#Verificamos: É falso que Doria disse que pessoas precisam escolher entre confinamento e comida

Yahoo Notícias
(Miguel Schincariol/Getty Images)
(Miguel Schincariol/Getty Images)

Circula nas redes sociais que o governador de São Paulo, João Doria (PSDB), teria dito que as pessoas precisam escolher entre o confinamento ou a comida. Essa frase teria sido dita em uma entrevista do governador ao jornalista José Luiz Datena, no programa Brasil Urgente, da Band, sobre medidas adotadas para desacelerar o contágio do novo coronavírus, causador da Covid-19. Por meio do ​projeto de verificação de notícias​, usuários do Facebook solicitaram que esse material fosse analisado. Confira a seguir o trabalho de verificação da Lupa:

Reprodução
Reprodução
Role para baixo para continuar lendo
Anúncio

“Datena, a pessoa vai ter que escolher entre o confinamento ou a comida. As pessoas vão ter que escolher, mesmo pq morto não come”
Frase atribuída ao governador João Doria que, até às 18h do dia 20 de maio de 2020, tinha sido compartilhado por mais de 17 mil pessoas no Facebook

FALSO

O governador de São Paulo, João Doria, não disse, em entrevista ao jornalista José Luiz Datena, que as pessoas precisam escolher entre o confinamento ou a comida. Ele disse, na verdade, que é preciso escolher “entre a vida e a morte”, e que a opção por desrespeitar o confinamento seria optar pela morte.
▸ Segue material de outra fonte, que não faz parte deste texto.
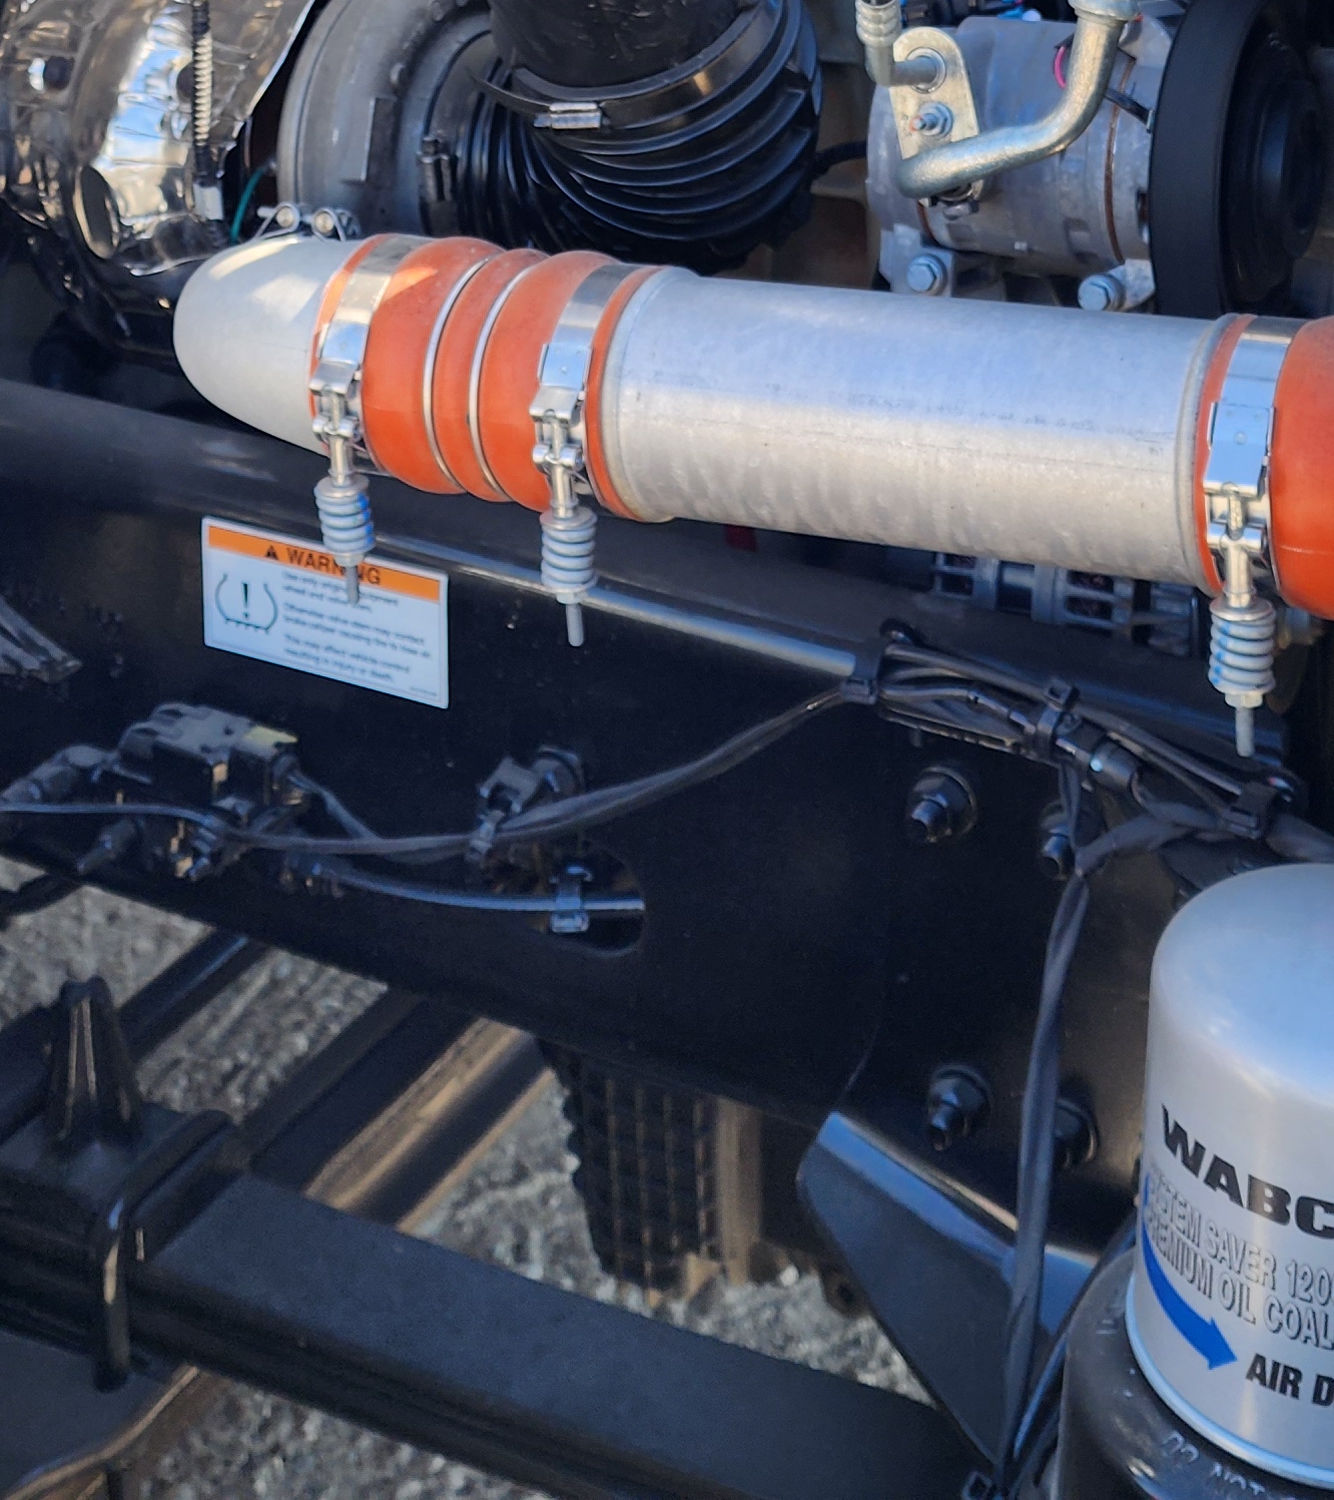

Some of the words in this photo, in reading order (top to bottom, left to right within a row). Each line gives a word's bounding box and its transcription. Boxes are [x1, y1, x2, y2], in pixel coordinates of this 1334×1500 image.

[1205, 1219, 1277, 1291] SAVER
[1219, 1272, 1257, 1326] OIL
[1245, 1352, 1304, 1399] AIR
No dia 11 de maio, o apresentador conversou com o ex-prefeito em seu programa Brasil Urgente, da Band. Durante a conversa, Datena apontou que o trabalhador brasileiro não tem uma reserva para ficar “dois, três meses em casa”. Com isso, Doria respondeu o seguinte: “Datena, desculpe falar uma frase dura, mas ela é verdadeira. É melhor ficar confinado do que enterrado. Entre a vida e a morte, a opção da pessoa deve ser pela vida e não pela morte. Qualquer circunstância que afrouxe nesse momento o isolamento, seja em São Paulo ou em qualquer outra área do Brasil, significa aumentar drasticamente o efeito da pandemia, a infecção e a morte. Entre viver, ainda que confinadamente, com toda a circunstância negativa disso, a dor, a dificuldade, a limitação, seja principalmente dos mais pobres e dos mais humildes, mas seja qual for a classe social, ele sair e se expor desnecessariamente para correr o risco de ser infectado e morrer, a opção deve ser pela vida e não pela morte”. 
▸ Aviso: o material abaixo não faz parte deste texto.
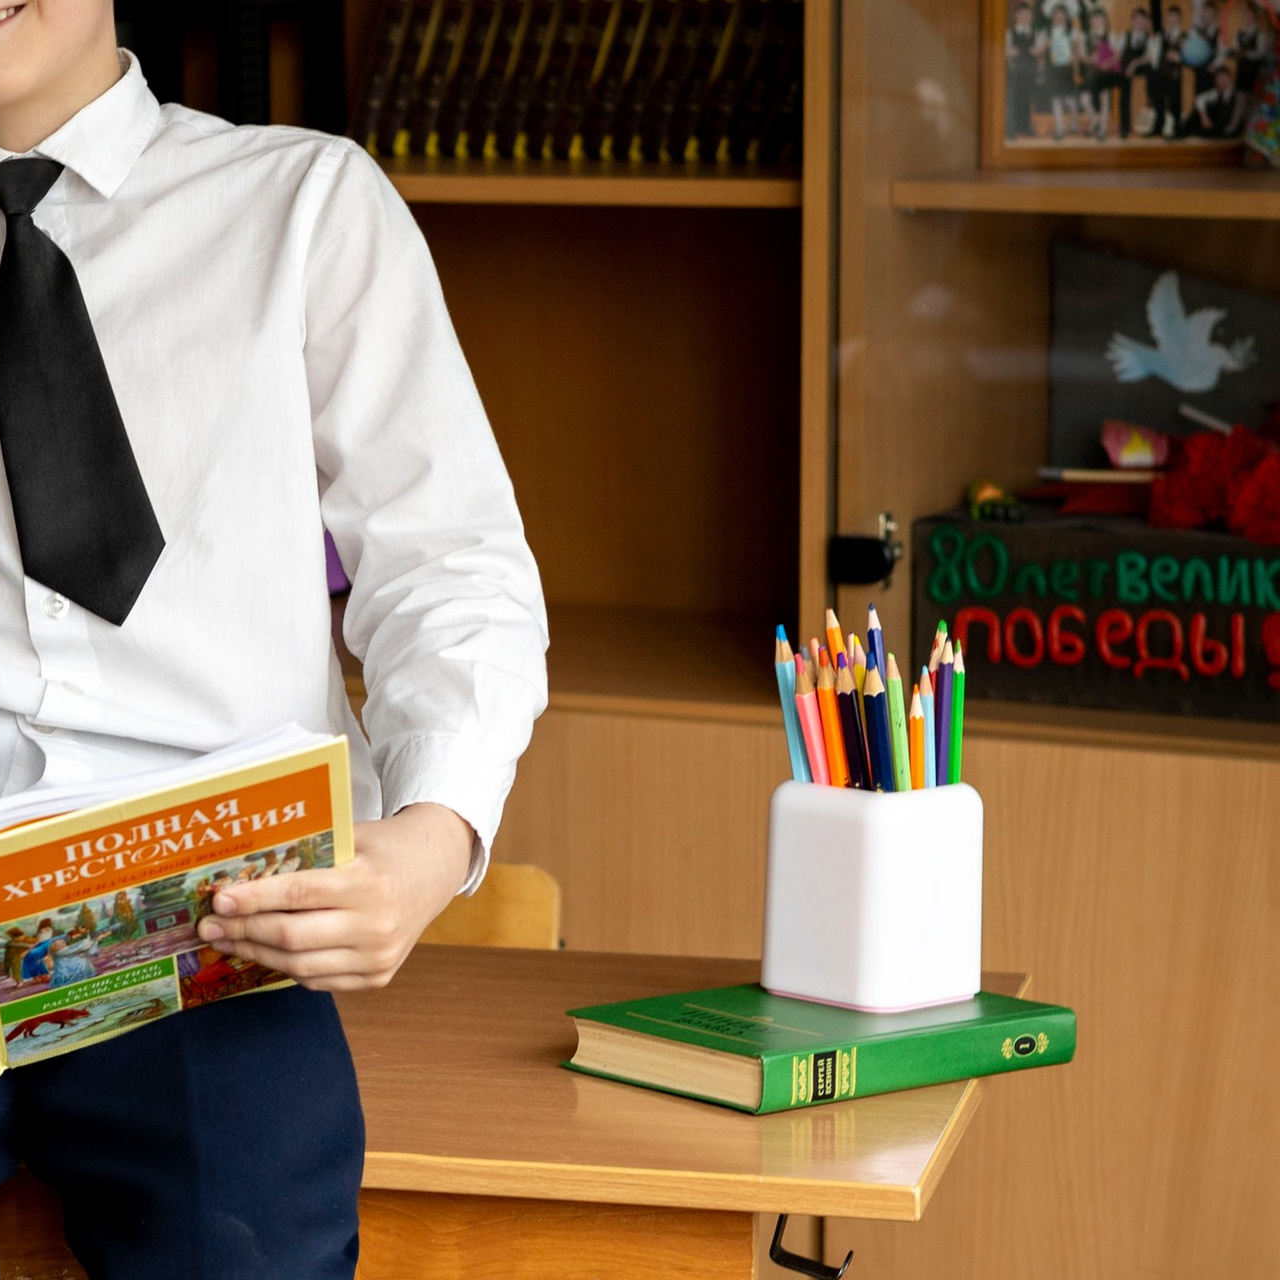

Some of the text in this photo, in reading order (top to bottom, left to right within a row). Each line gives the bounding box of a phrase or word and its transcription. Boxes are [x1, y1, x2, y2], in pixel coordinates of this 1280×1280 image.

Logo após essa resposta, Datena voltou a pressionar o governador, afirmando que “deve ser duro ver um filho morrendo de fome”. Com isso, Doria disse que o governo de São Paulo está disponibilizando cestas de alimentos, que seriam capazes de alimentar quatro pessoas durante 30 dias. Além disso, Doria também ressaltou a importância do auxílio emergencial de R$ 600 concedidos pelo governo federal. Ele afirma que espera que esse benefício continue sendo entregue às famílias. 

Procurada, a assessoria de imprensa de Doria afirmou, em nota, que “ lamenta que mentes que trabalham apenas pela disseminação do ódio se deem ao trabalho de distorcer falas, que estão registradas em gravações e, portanto, fáceis de ser desmentidas. Tudo com o objetivo de politizar uma questão séria de saúde pública como a necessidade do isolamento social para a redução de mortes pelo novo coronavírus.” A assessoria reforçou ainda que o governo está seguindo as recomendações da ciência, da medicina e da saúde para combater o vírus e as “fake news”.